Additionally, statistical test on the mean scores of transformational and laissez faire leadership styles showed a significant difference between the two groups with and without reported MSDs complaints. The findings of some studies revealed that leadership style was significantly related with job satisfaction (37, 38); therefore, job satisfaction might show an increasing trend among the followers of transformational leadership style, while it might have decreasing trend among the ones experiencing laissez faire (39, 40). The main factors contributing to job dissatisfaction among individuals can be inappropriate supervisor - employee relationships, improper performance evaluation systems, and lack of social support in the workplace (41, 42). Job satisfaction indeed refers to whole positive attitudes of an individual toward his job as well as being interested in tasks and workplace environment (43).

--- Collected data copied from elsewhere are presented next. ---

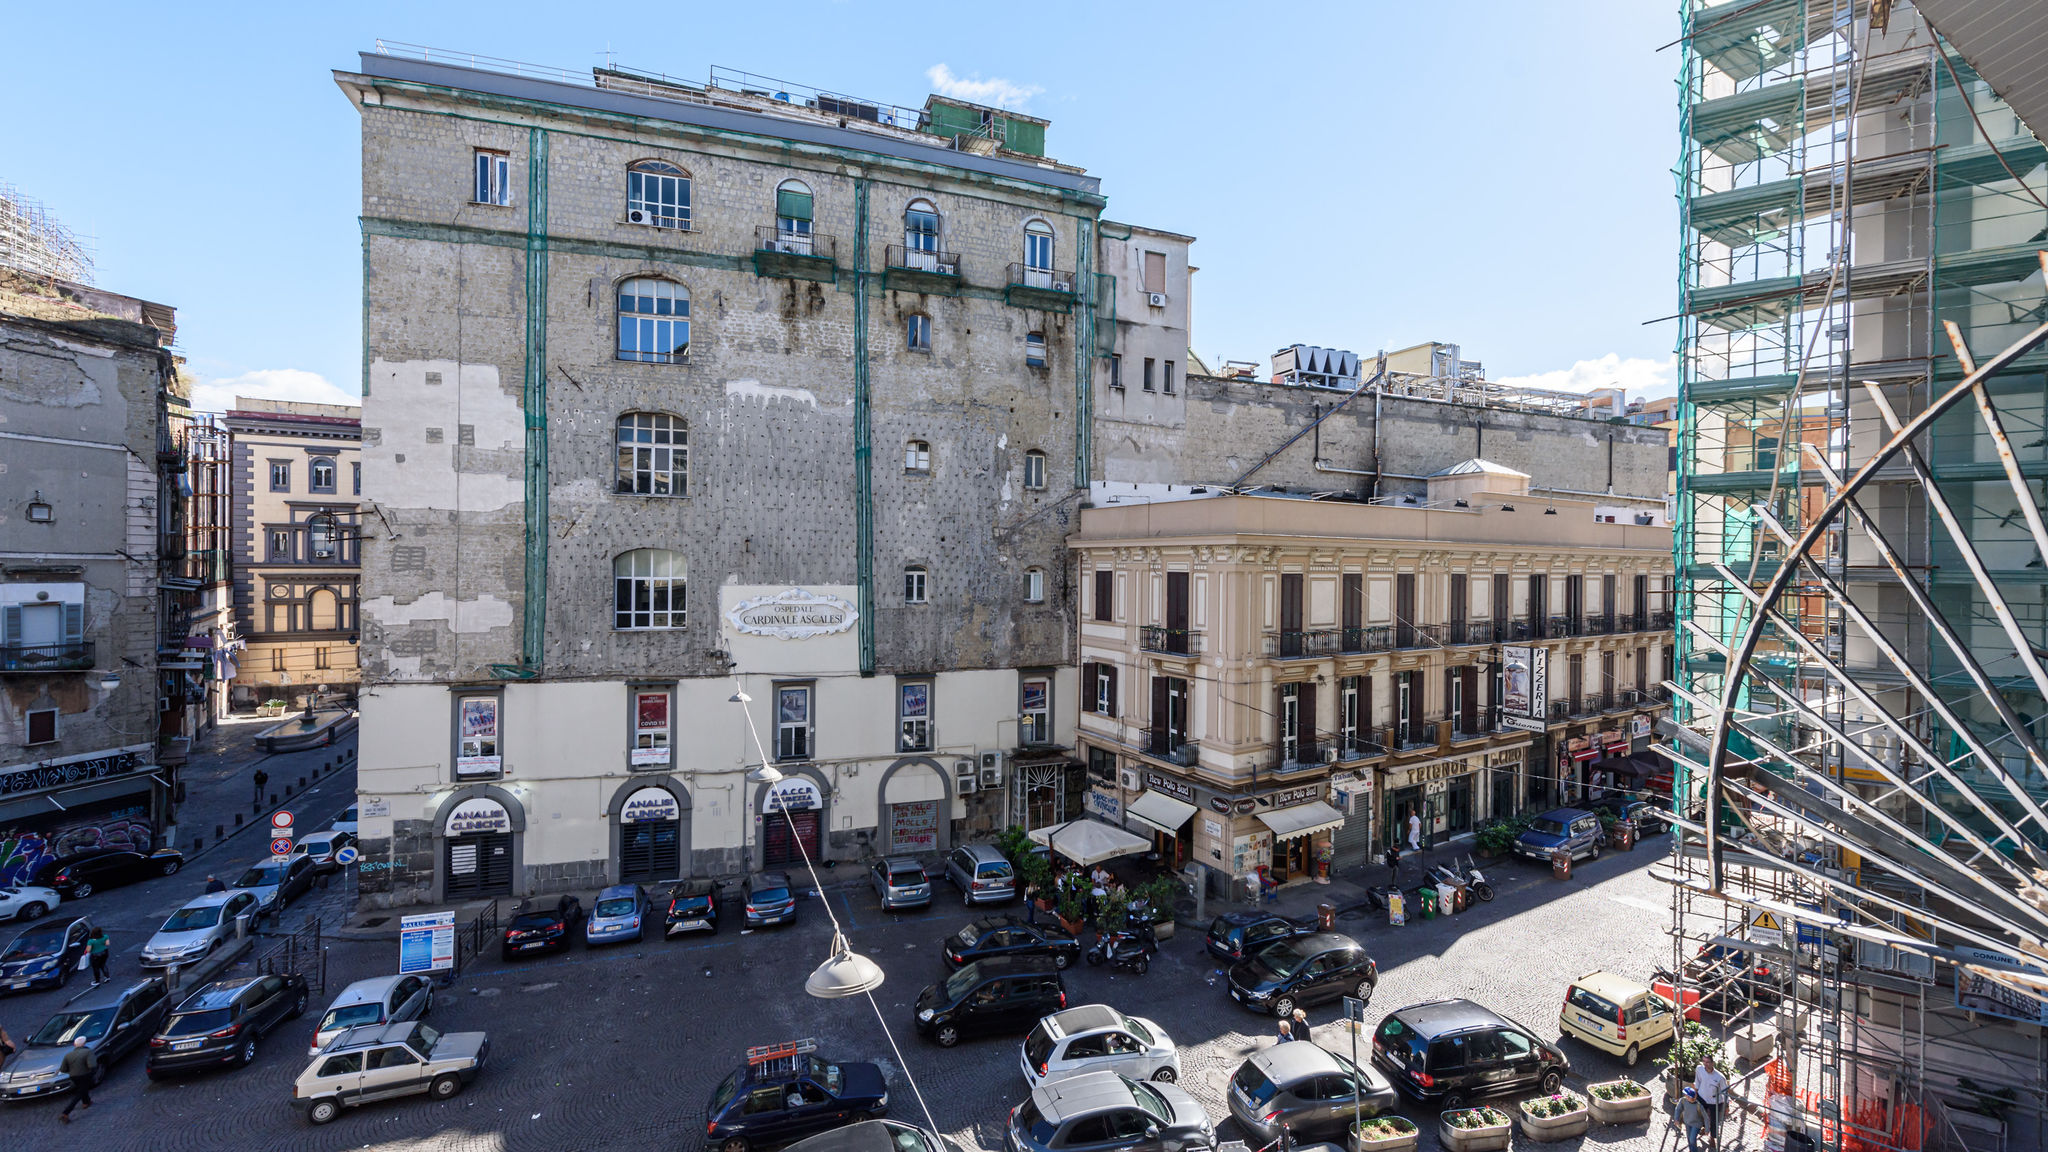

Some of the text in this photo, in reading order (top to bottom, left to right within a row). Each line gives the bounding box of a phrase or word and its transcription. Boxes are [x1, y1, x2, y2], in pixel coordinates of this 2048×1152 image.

[774, 605, 815, 613] OSPEDALE
[743, 614, 843, 625] CARDINALE ASCALESI
[1534, 649, 1545, 717] PIZZERIA
[1163, 778, 1176, 791] Polo
[1177, 784, 1189, 796] Sud
[1293, 788, 1306, 799] Polo
[1306, 785, 1317, 797] Sud
[627, 798, 673, 809] ANALISI
[453, 809, 504, 821] ANALISI
[625, 807, 675, 819] CLINICHE
[451, 819, 506, 831] CLINICHE
[1973, 951, 2013, 964] COMUNE

Psychologically, dissatisfying work conditions are accompanied with job stress that may lead to depression, anxiety, isolation, and disgust (44-46). Furthermore, increasing MSDs prevalence among employees seems to be an obvious adverse effect of job stress.

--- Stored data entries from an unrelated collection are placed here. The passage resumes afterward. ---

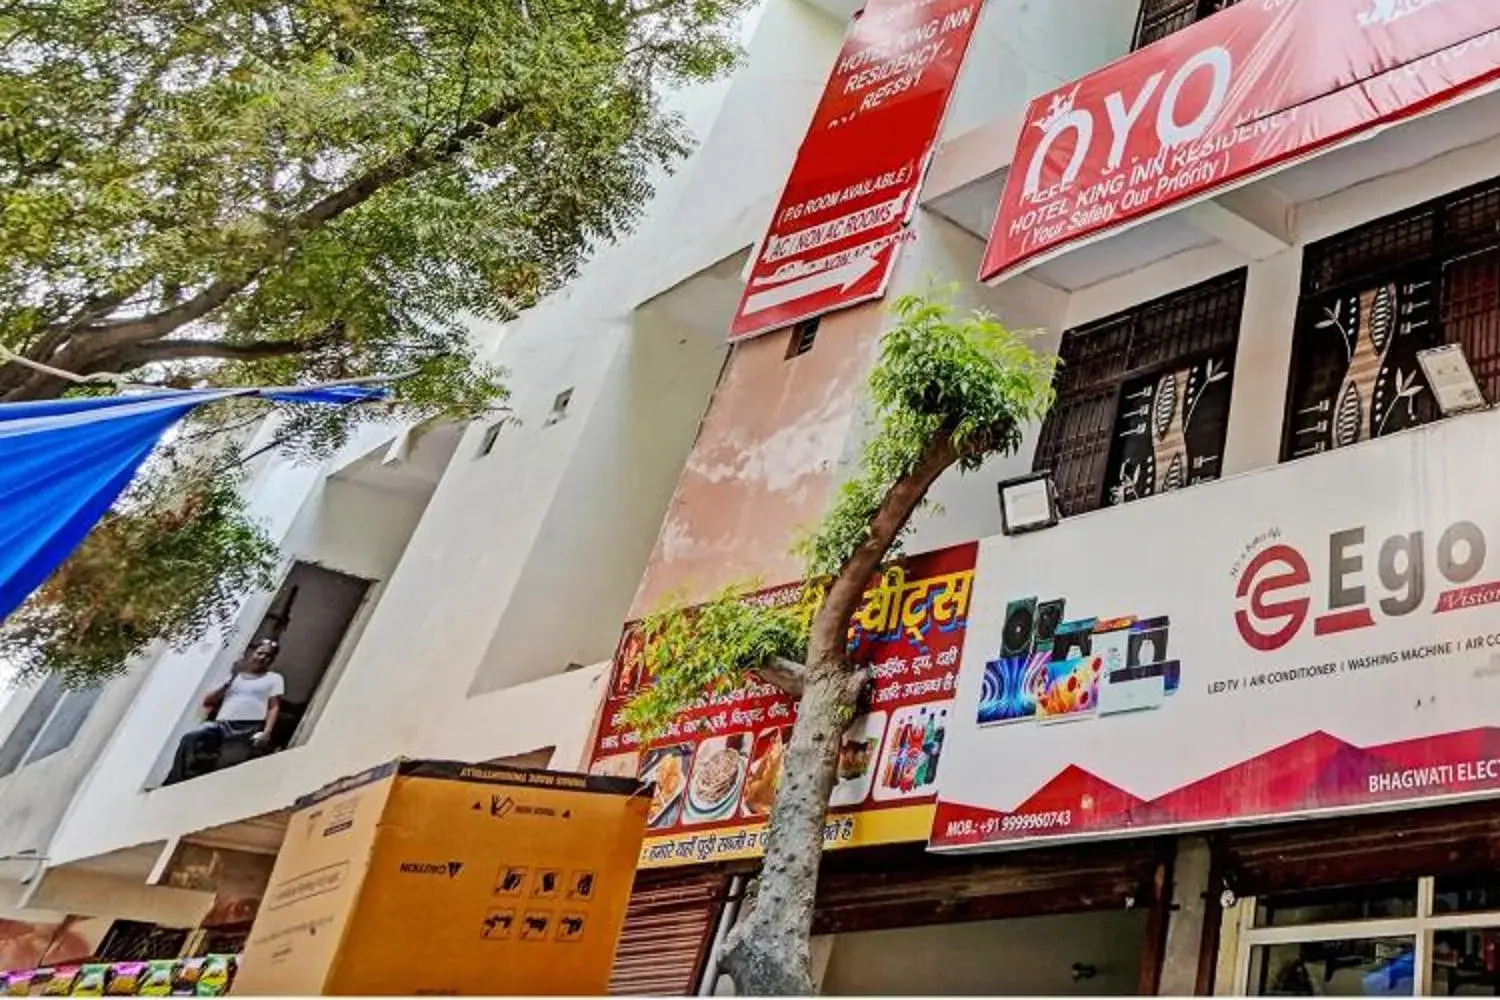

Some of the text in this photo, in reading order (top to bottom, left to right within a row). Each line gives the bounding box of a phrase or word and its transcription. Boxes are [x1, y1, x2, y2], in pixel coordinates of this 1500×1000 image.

[842, 38, 946, 95] RESIDENCY
[803, 192, 840, 217] ROOM
[1008, 194, 1070, 238] HOTEL
[1075, 173, 1127, 210] KING
[1129, 155, 1166, 189] INN
[1121, 185, 1153, 212] Our
[796, 229, 824, 251] NON
[823, 224, 846, 245] AC
[845, 203, 894, 233] ROOMS
[1327, 519, 1487, 617] Ego
[1207, 680, 1227, 695] LED
[1249, 672, 1266, 689] AIR
[1266, 662, 1338, 687] CONDITIONER
[1347, 651, 1399, 673] WASHING
[1400, 640, 1453, 663] MACHINE
[1465, 634, 1486, 652] AIR
[1368, 764, 1455, 794] BHAGWATI

Since few studies are conducted on the effects of leadership styles on MSDs occurrence as one of the most common health outcomes in the developing countries, the current study findings may have a number of important implications for future practices and open up some interesting questions in order to ascertain what other factors are involved in the effect of organizational aspects on MSDs or other health problems. However, as the current study used cross sectional design and self - report questionnaires to gather the required data, the findings should be interpreted with caution. Also, the self - reporting methodology may have some restrictions namely denial, deception, or difficulty in recall. In the current study, the time through which the data had to be recalled was limited since the recall period for reported MSDs complaints was restricted to 12 months. This problem also exists for MLQ data, as the leaders may be reluctant to report abnormal work treatment. Finally, as the participants in the current study were limited to the currently working employees, the workers that left the jobs due to MSDs symptoms were likely to be excluded from the study. Therefore, the data may underestimate MSDs prevalence and the relationship between leadership style and MSDs complaints.
4.1. Conclusion
The prevalence of MSDs was high in the studied process industry. The employees that thought laissez faire leadership style was the dominant leadership style in their workplace reported significantly higher rate of MSDs prevalence, while on the contrary the followers of transformational leadership reported less MSDs complaints. As a conclusion, there was a relationship between the leadership style and MSDs occurrence among the employees of the studied process industry.